* [Task instructions]
The records below are to be reproduced exactly, with the pictures left out.

--- Material for this exercise Enclosed Below ---

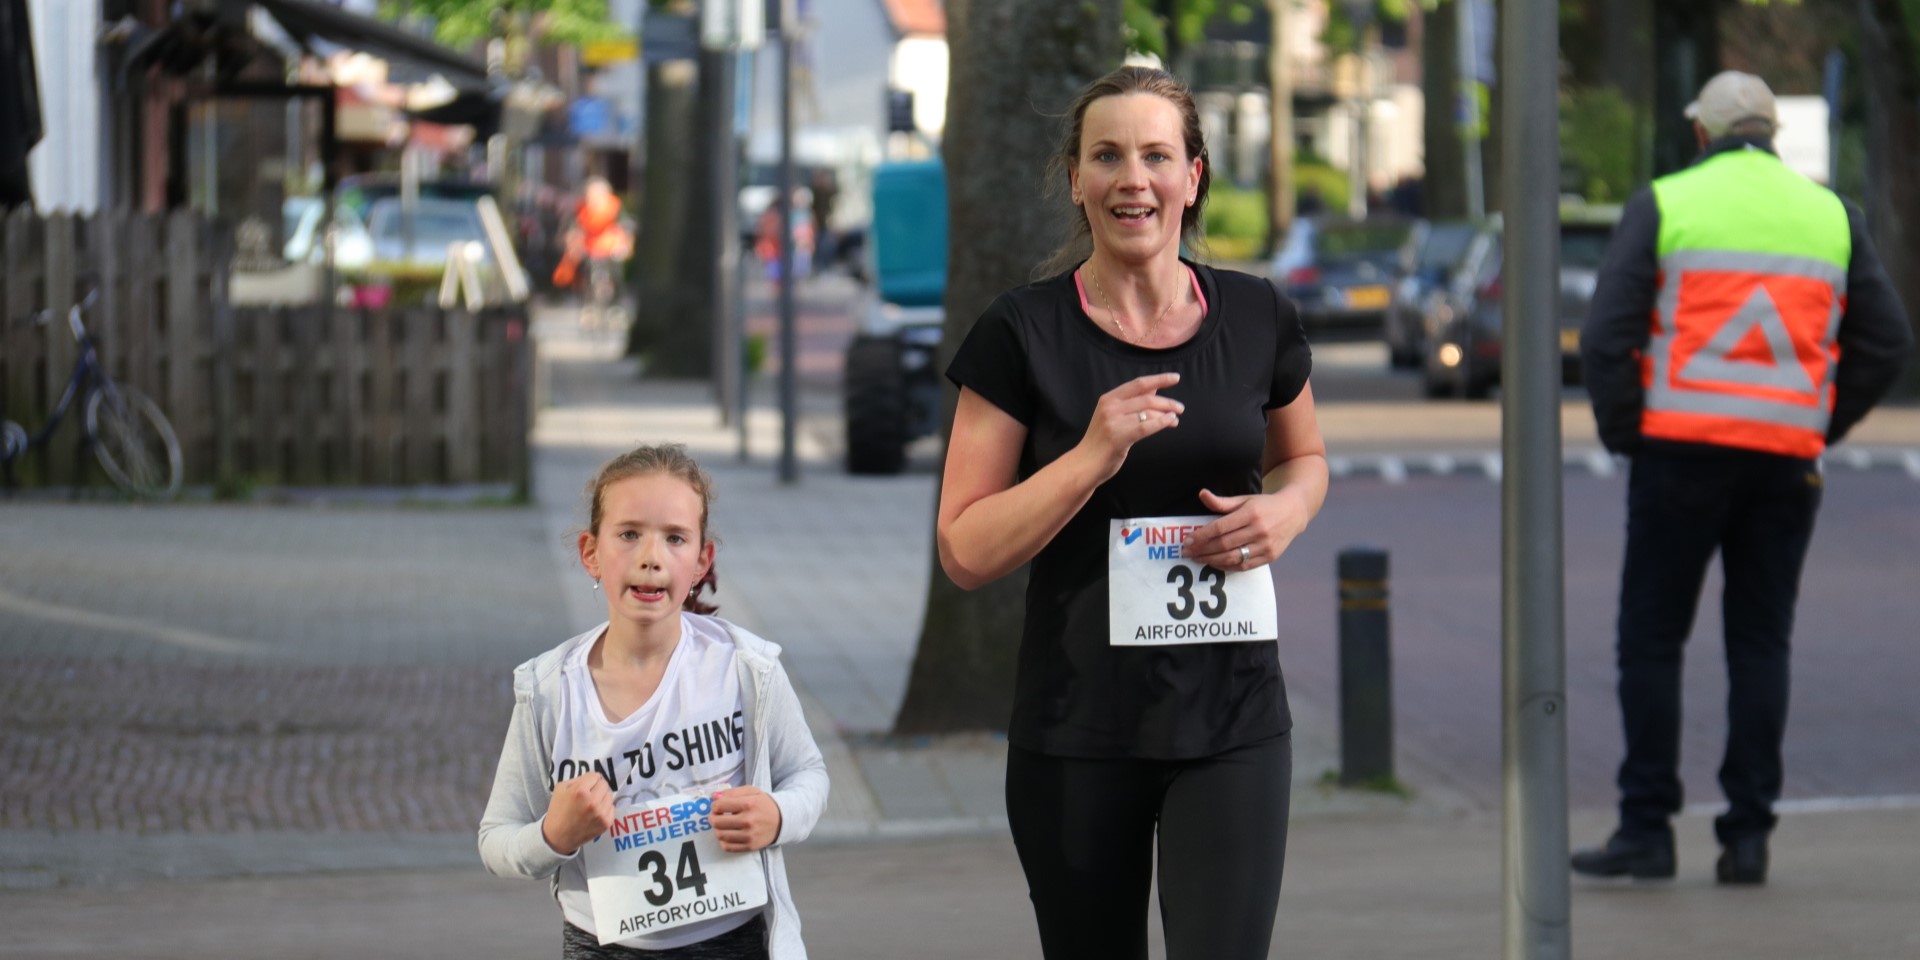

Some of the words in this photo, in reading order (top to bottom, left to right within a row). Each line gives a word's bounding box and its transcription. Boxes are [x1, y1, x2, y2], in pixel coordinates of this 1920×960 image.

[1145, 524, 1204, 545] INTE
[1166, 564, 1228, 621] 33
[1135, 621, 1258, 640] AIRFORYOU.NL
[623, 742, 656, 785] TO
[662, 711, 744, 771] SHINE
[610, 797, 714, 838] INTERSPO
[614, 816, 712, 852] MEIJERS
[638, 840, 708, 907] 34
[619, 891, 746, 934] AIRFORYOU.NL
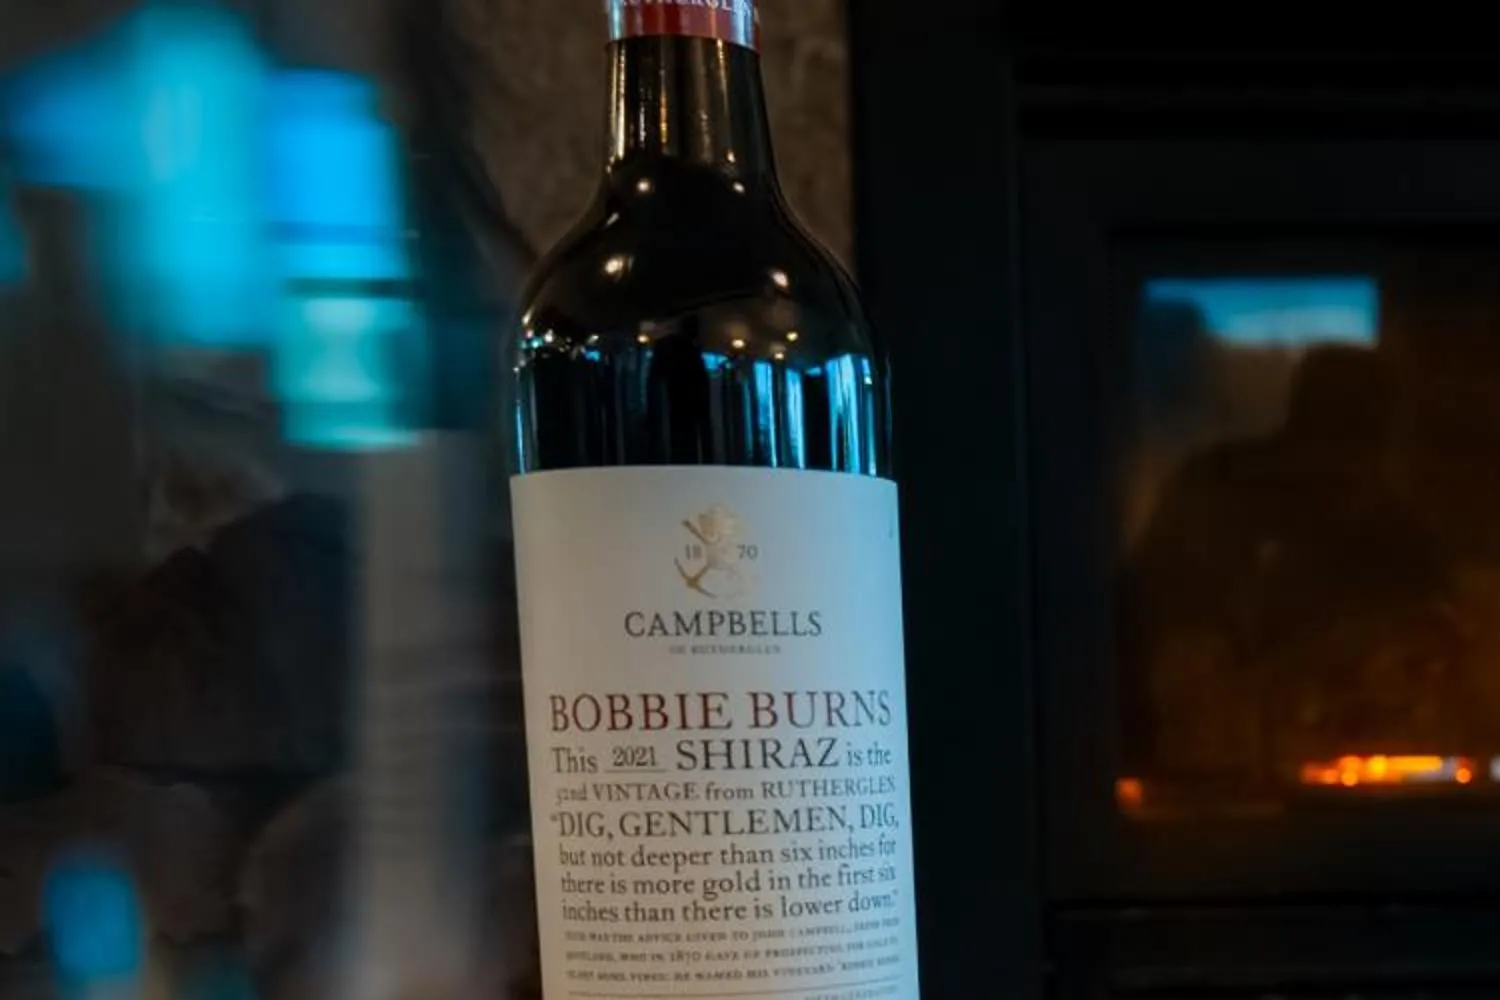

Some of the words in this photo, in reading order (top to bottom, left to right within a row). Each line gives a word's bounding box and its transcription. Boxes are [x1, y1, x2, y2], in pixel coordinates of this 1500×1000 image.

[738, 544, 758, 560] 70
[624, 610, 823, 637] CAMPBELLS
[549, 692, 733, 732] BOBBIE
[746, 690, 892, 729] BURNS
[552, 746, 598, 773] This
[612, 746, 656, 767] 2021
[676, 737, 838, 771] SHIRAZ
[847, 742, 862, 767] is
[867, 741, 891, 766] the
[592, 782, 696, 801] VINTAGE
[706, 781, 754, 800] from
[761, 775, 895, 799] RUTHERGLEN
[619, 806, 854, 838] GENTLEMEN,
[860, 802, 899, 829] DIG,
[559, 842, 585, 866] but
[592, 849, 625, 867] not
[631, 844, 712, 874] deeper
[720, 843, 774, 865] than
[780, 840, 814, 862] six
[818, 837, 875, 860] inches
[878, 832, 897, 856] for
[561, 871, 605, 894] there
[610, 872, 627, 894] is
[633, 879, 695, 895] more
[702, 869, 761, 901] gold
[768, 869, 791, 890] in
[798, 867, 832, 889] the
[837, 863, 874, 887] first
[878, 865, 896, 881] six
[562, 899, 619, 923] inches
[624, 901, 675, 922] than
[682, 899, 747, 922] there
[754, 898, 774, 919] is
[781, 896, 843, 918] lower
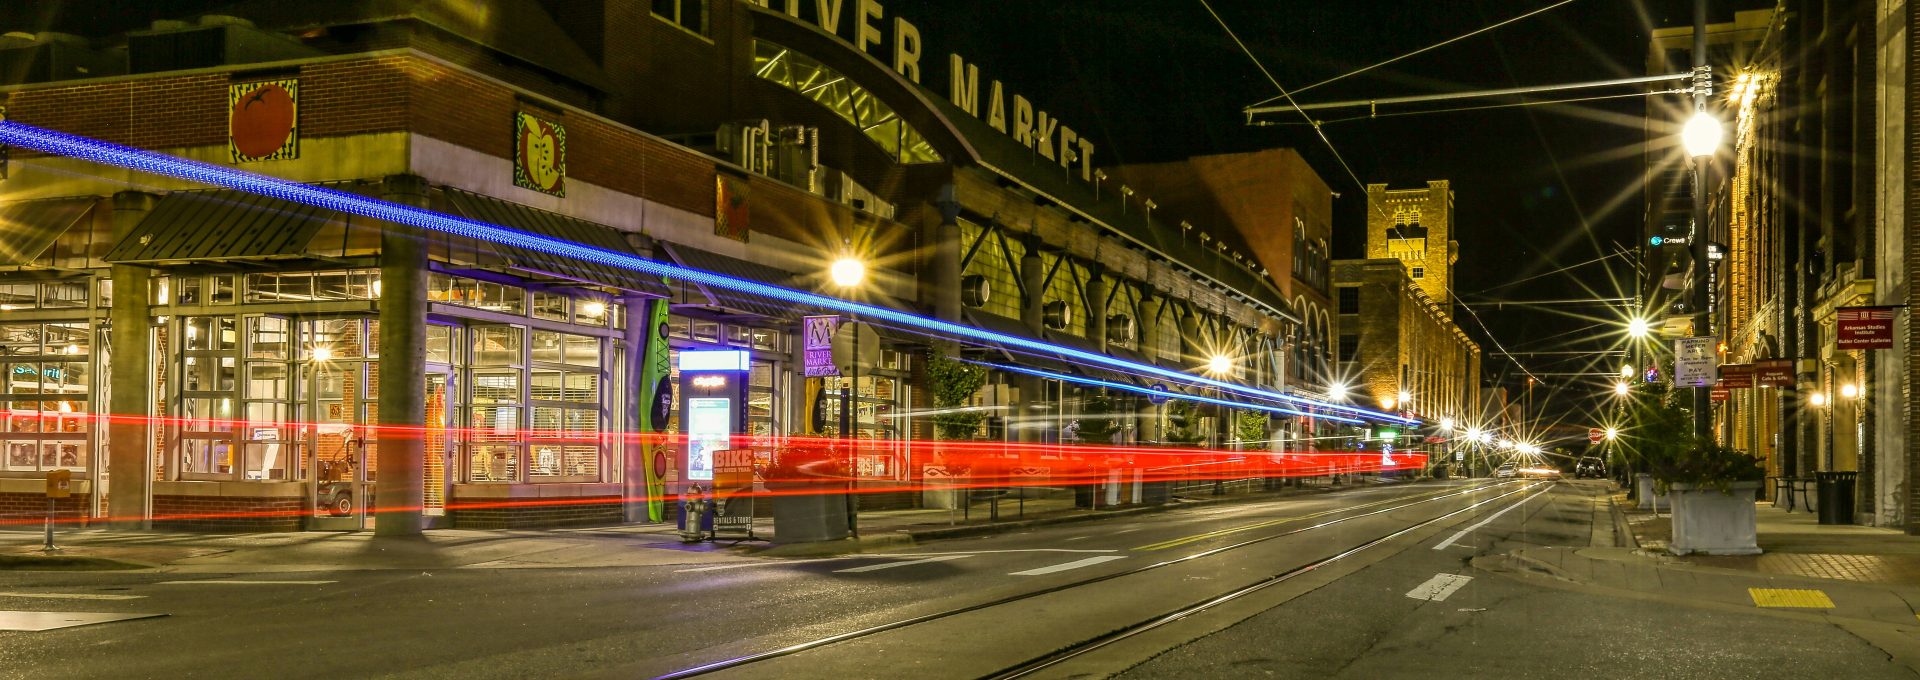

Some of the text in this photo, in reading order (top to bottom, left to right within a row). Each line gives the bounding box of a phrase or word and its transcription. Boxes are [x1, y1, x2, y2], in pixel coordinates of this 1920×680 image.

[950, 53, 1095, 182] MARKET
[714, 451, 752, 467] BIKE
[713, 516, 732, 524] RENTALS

--- End of Enclosed Material for this exercise ---

* [Response for this exercise]
Some of the words in this photo, in reading order (top to bottom, left to right within a row). Each line gives a word's bounding box and its transcription. Boxes are [x1, y1, x2, y2], in pixel coordinates of this 1920×960 image.

[1145, 524, 1204, 545] INTE
[1166, 564, 1228, 621] 33
[1135, 621, 1258, 640] AIRFORYOU.NL
[623, 742, 656, 785] TO
[662, 711, 744, 771] SHINE
[610, 797, 714, 838] INTERSPO
[614, 816, 712, 852] MEIJERS
[638, 840, 708, 907] 34
[619, 891, 746, 934] AIRFORYOU.NL

Some of the words in this photo, in reading order (top to bottom, left to right within a row). Each line gives a word's bounding box and its transcription. Boxes are [x1, y1, x2, y2], in pixel coordinates of this 1500×1000 image.

[738, 544, 758, 560] 70
[624, 610, 823, 637] CAMPBELLS
[549, 692, 733, 732] BOBBIE
[746, 690, 892, 729] BURNS
[552, 746, 598, 773] This
[612, 746, 656, 767] 2021
[676, 737, 838, 771] SHIRAZ
[847, 742, 862, 767] is
[867, 741, 891, 766] the
[592, 782, 696, 801] VINTAGE
[706, 781, 754, 800] from
[761, 775, 895, 799] RUTHERGLEN
[619, 806, 854, 838] GENTLEMEN,
[860, 802, 899, 829] DIG,
[559, 842, 585, 866] but
[592, 849, 625, 867] not
[631, 844, 712, 874] deeper
[720, 843, 774, 865] than
[780, 840, 814, 862] six
[818, 837, 875, 860] inches
[878, 832, 897, 856] for
[561, 871, 605, 894] there
[610, 872, 627, 894] is
[633, 879, 695, 895] more
[702, 869, 761, 901] gold
[768, 869, 791, 890] in
[798, 867, 832, 889] the
[837, 863, 874, 887] first
[878, 865, 896, 881] six
[562, 899, 619, 923] inches
[624, 901, 675, 922] than
[682, 899, 747, 922] there
[754, 898, 774, 919] is
[781, 896, 843, 918] lower

Some of the text in this photo, in reading order (top to bottom, left to right within a row). Each line gives the bounding box of a phrase or word and its transcription. Boxes are [x1, y1, x2, y2], in pixel coordinates of this 1920×680 image.

[950, 53, 1095, 182] MARKET
[714, 451, 752, 467] BIKE
[713, 516, 732, 524] RENTALS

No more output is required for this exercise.